* **PROBLEM TO SOLVE**
Print every entry below again exactly as written, skipping the pictures.

* **SUPPLIED RECORDS**
++++
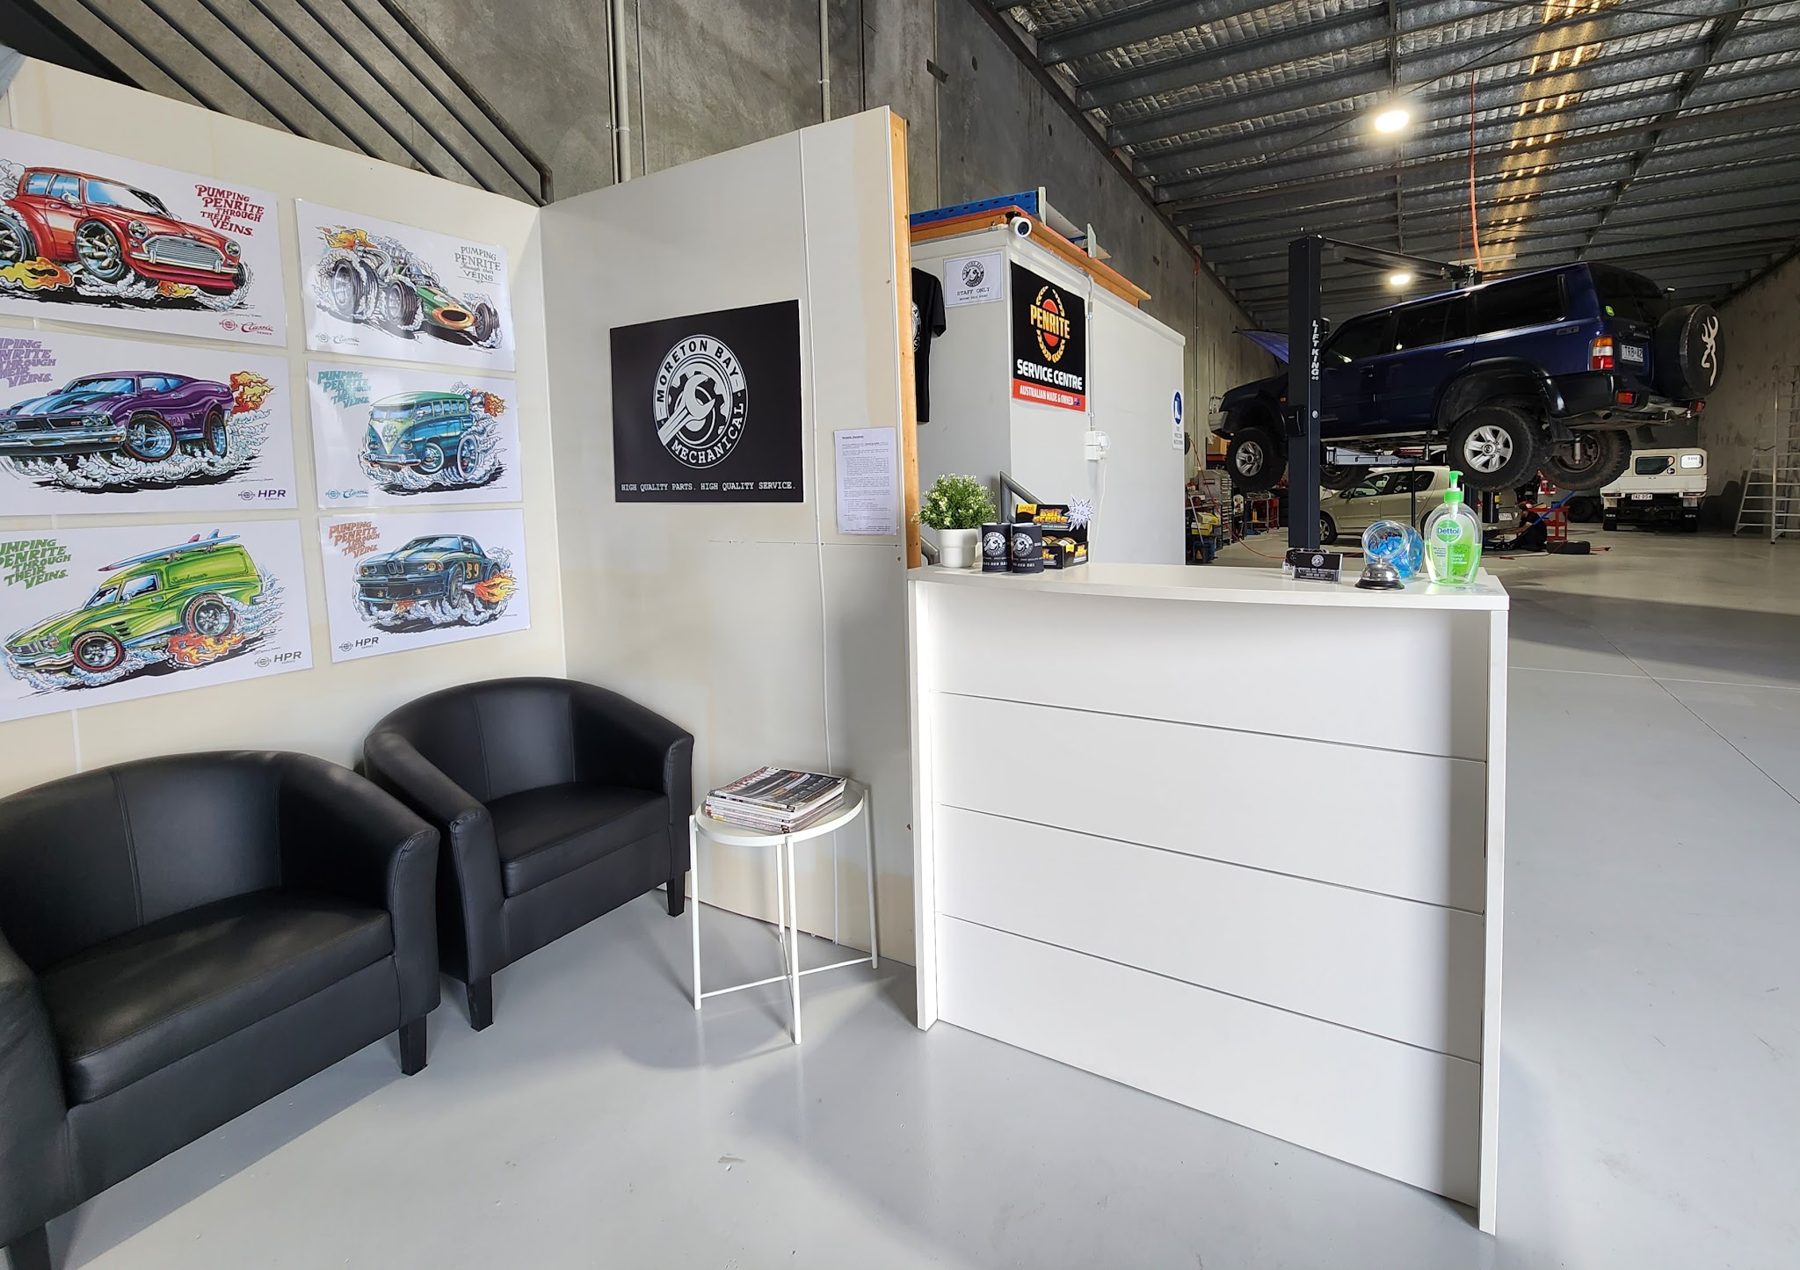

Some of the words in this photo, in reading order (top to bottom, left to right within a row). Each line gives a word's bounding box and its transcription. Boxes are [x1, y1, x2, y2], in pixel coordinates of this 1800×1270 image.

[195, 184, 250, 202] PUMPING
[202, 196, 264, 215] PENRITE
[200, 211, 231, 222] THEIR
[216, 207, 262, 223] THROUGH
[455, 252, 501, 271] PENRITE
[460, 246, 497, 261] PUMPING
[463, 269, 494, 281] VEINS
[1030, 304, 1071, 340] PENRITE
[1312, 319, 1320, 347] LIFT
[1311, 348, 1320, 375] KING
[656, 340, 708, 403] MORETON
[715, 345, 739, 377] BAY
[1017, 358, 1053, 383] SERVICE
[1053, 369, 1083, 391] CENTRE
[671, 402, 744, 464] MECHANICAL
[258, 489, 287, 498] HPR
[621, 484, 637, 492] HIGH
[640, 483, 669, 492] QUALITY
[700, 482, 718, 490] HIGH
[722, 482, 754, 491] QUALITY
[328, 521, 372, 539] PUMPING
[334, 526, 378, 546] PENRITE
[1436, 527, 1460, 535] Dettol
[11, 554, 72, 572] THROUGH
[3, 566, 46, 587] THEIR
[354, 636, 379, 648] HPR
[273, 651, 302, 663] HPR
++++
* **WRITTEN RESPONSE**
Some of the words in this photo, in reading order (top to bottom, left to right within a row). Each line gives a word's bounding box and its transcription. Boxes are [x1, y1, x2, y2], in pixel coordinates of this 1800×1270 image.

[195, 184, 250, 202] PUMPING
[202, 196, 264, 215] PENRITE
[200, 211, 231, 222] THEIR
[216, 207, 262, 223] THROUGH
[455, 252, 501, 271] PENRITE
[460, 246, 497, 261] PUMPING
[463, 269, 494, 281] VEINS
[1030, 304, 1071, 340] PENRITE
[1312, 319, 1320, 347] LIFT
[1311, 348, 1320, 375] KING
[656, 340, 708, 403] MORETON
[715, 345, 739, 377] BAY
[1017, 358, 1053, 383] SERVICE
[1053, 369, 1083, 391] CENTRE
[671, 402, 744, 464] MECHANICAL
[258, 489, 287, 498] HPR
[621, 484, 637, 492] HIGH
[640, 483, 669, 492] QUALITY
[700, 482, 718, 490] HIGH
[722, 482, 754, 491] QUALITY
[328, 521, 372, 539] PUMPING
[334, 526, 378, 546] PENRITE
[1436, 527, 1460, 535] Dettol
[11, 554, 72, 572] THROUGH
[3, 566, 46, 587] THEIR
[354, 636, 379, 648] HPR
[273, 651, 302, 663] HPR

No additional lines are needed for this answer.